[Task details]: Apart from the images, every record below must be given again without alteration.

(Collected data entries)
=== Begin Enclosure ===
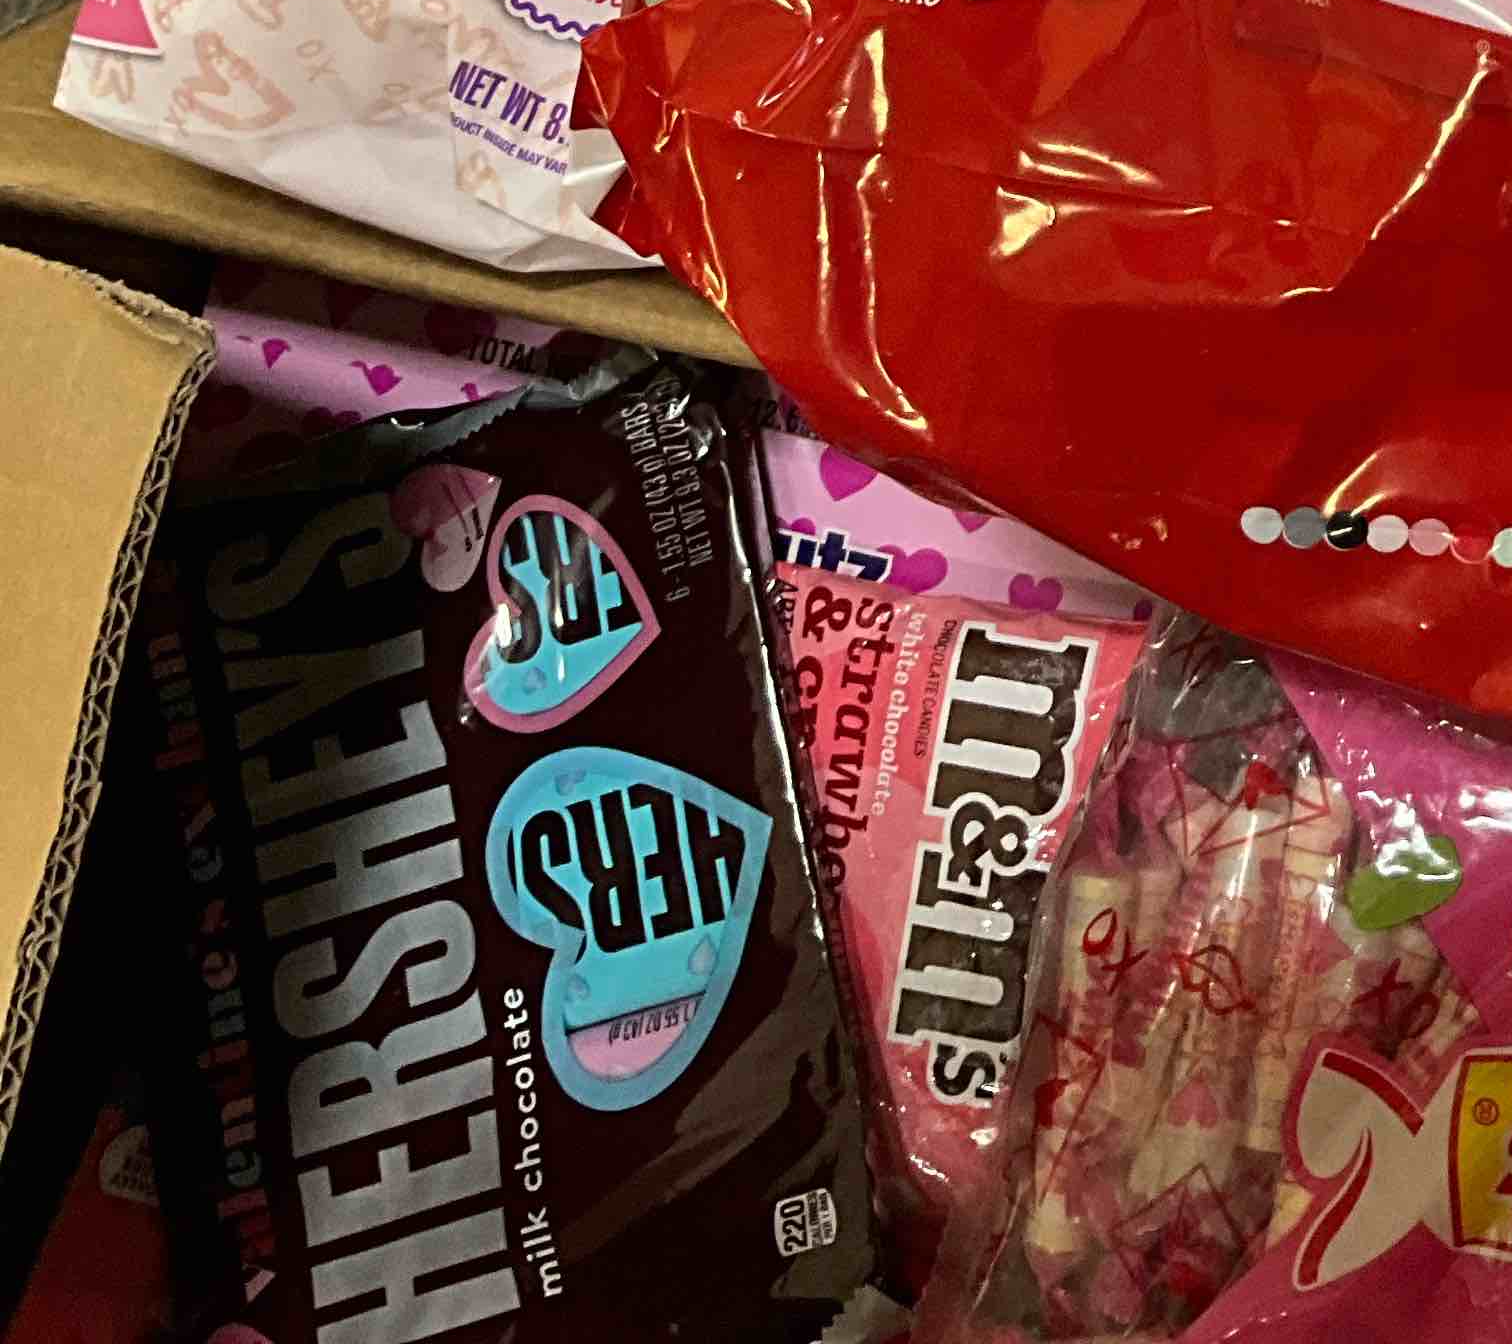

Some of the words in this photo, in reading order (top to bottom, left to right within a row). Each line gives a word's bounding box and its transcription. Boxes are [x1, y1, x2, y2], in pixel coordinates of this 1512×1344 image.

[449, 60, 507, 110] NET
[499, 81, 547, 133] WT
[482, 128, 518, 158] INSIDE
[517, 147, 544, 168] MAY
[622, 402, 658, 454] BARS
[679, 498, 707, 530] WT
[686, 531, 714, 567] NET
[892, 611, 928, 682] white
[925, 619, 957, 696] CHOCOLATE
[819, 598, 896, 892] strawbe
[872, 684, 911, 816] chocolate
[914, 694, 935, 758] CANDIES
[521, 784, 746, 952] HERS
[206, 491, 522, 1344] HERSHEY'S
[504, 986, 544, 1191] chocolate
[522, 1206, 564, 1298] milk
[780, 1200, 807, 1252] 220
=== End Enclosure ===
[Task output]:
Some of the words in this photo, in reading order (top to bottom, left to right within a row). Each line gives a word's bounding box and its transcription. Boxes are [x1, y1, x2, y2], in pixel coordinates of this 1512×1344 image.

[449, 60, 507, 110] NET
[499, 81, 547, 133] WT
[482, 128, 518, 158] INSIDE
[517, 147, 544, 168] MAY
[622, 402, 658, 454] BARS
[679, 498, 707, 530] WT
[686, 531, 714, 567] NET
[892, 611, 928, 682] white
[925, 619, 957, 696] CHOCOLATE
[819, 598, 896, 892] strawbe
[872, 684, 911, 816] chocolate
[914, 694, 935, 758] CANDIES
[521, 784, 746, 952] HERS
[206, 491, 522, 1344] HERSHEY'S
[504, 986, 544, 1191] chocolate
[522, 1206, 564, 1298] milk
[780, 1200, 807, 1252] 220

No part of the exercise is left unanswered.